## [Your instructions]
Print the entries underneath word for word, omitting whatever pictures they contain.

## [Images for object localization]

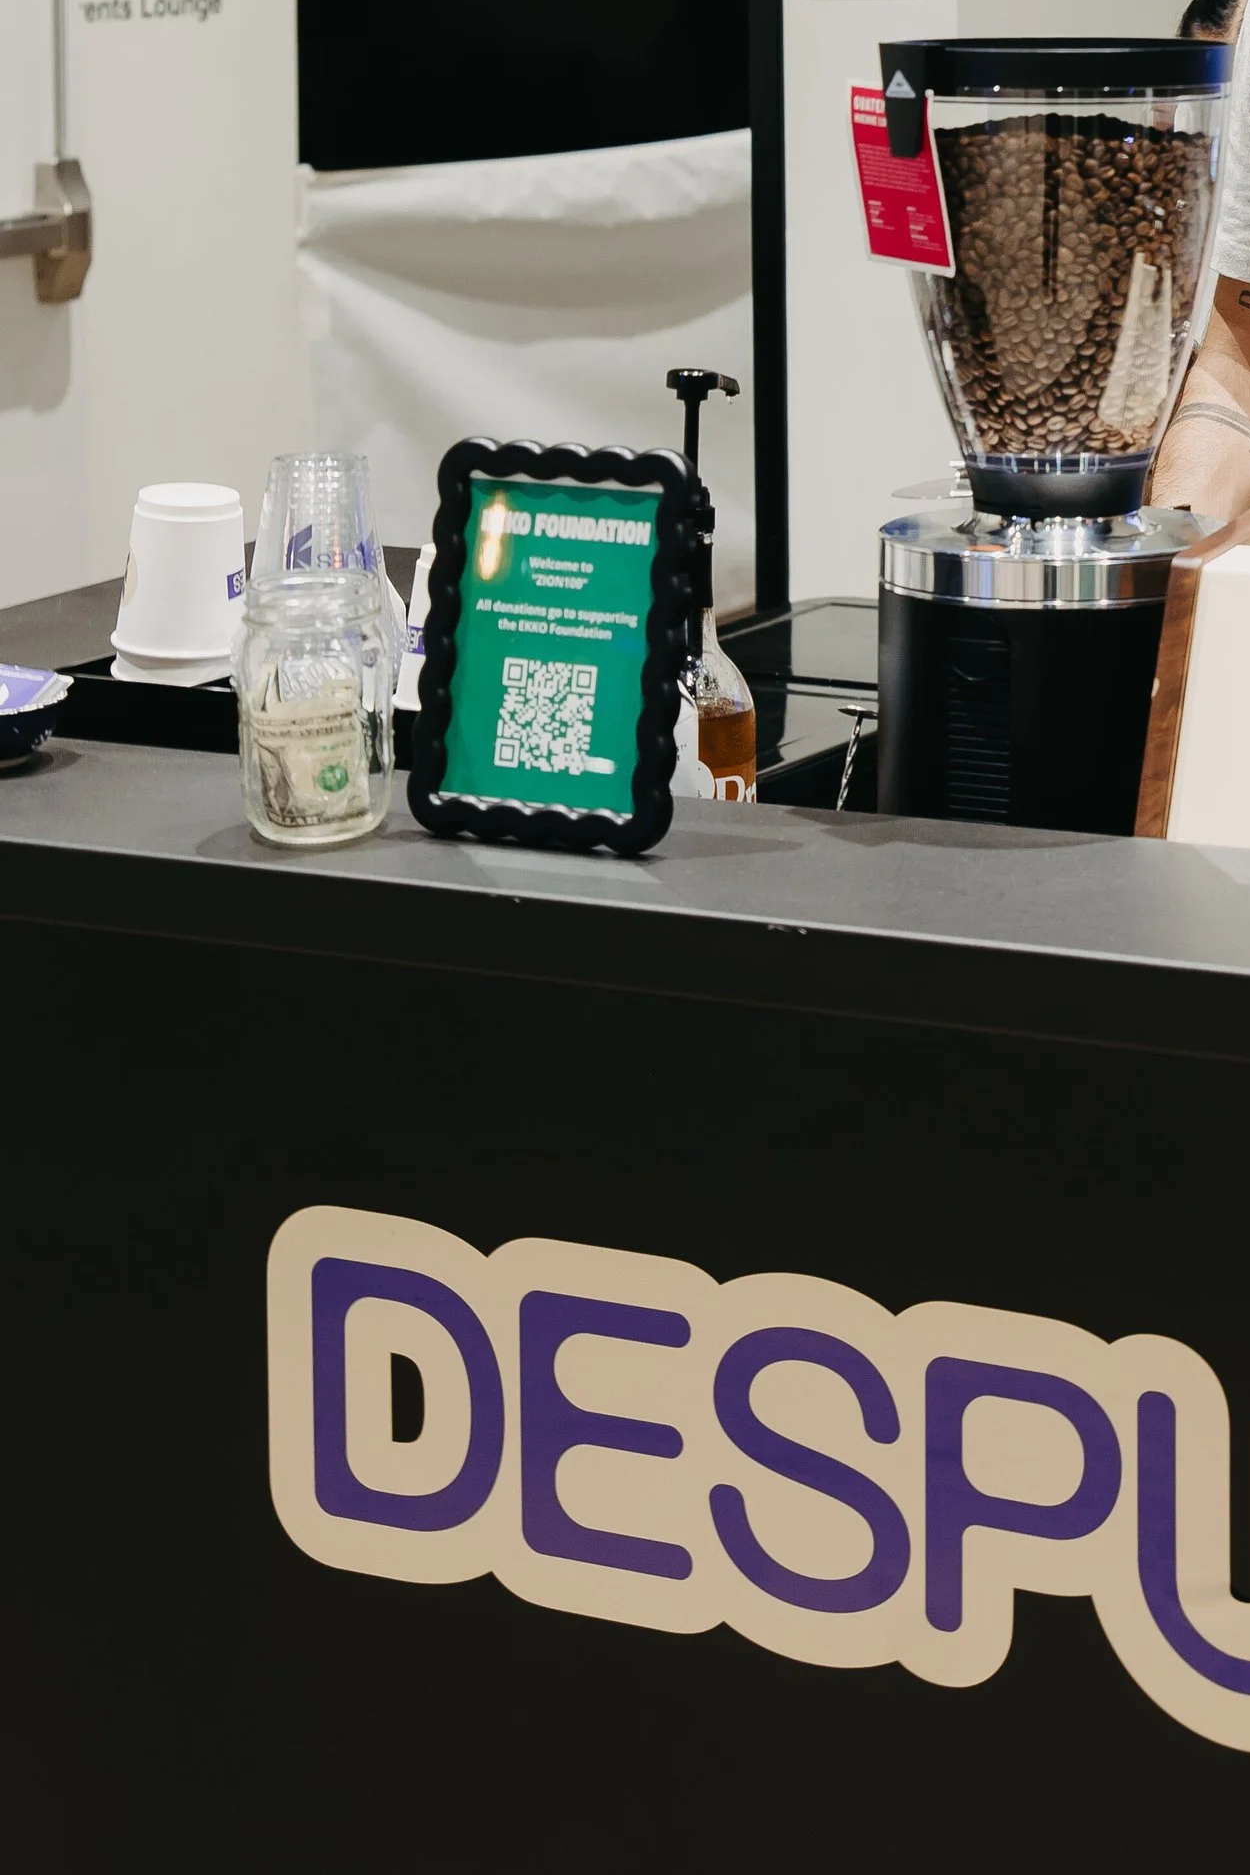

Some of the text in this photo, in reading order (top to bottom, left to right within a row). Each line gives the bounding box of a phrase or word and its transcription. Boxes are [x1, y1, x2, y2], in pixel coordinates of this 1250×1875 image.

[481, 508, 651, 546] EKO FOUNDATION
[529, 556, 594, 574] Welcome to
[476, 599, 638, 628] All donations go to supporting
[498, 618, 517, 631] the
[549, 623, 613, 640] Foundation
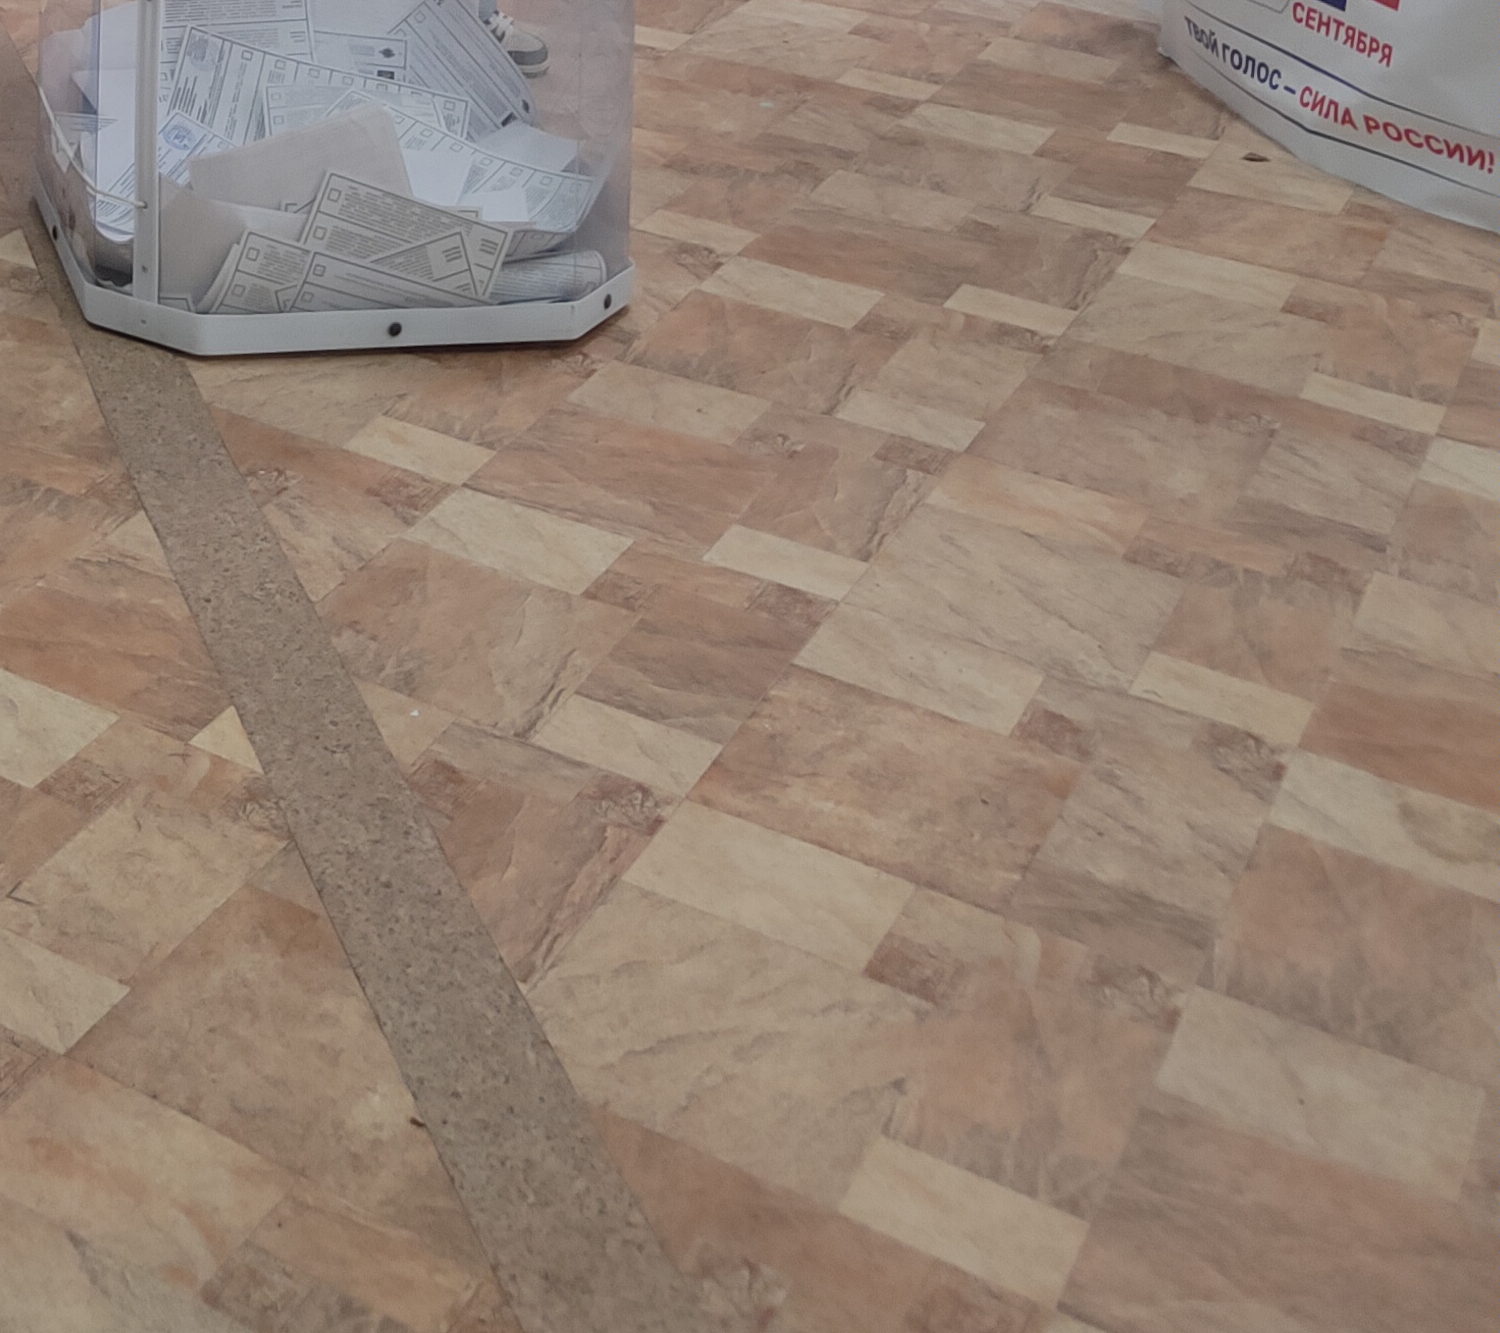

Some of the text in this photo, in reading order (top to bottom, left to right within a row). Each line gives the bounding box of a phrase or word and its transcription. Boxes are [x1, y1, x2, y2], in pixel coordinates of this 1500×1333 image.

## [The answer]
Some of the text in this photo, in reading order (top to bottom, left to right within a row). Each line gives the bounding box of a phrase or word and its transcription. Boxes are [x1, y1, x2, y2], in pixel coordinates of this 1250×1875 image.

[481, 508, 651, 546] EKO FOUNDATION
[529, 556, 594, 574] Welcome to
[476, 599, 638, 628] All donations go to supporting
[498, 618, 517, 631] the
[549, 623, 613, 640] Foundation

Some of the text in this photo, in reading order (top to bottom, left to right within a row). Each line gives the bounding box of a phrase or word and its transcription. Boxes are [x1, y1, x2, y2], in pixel coordinates of this 1500×1333 image.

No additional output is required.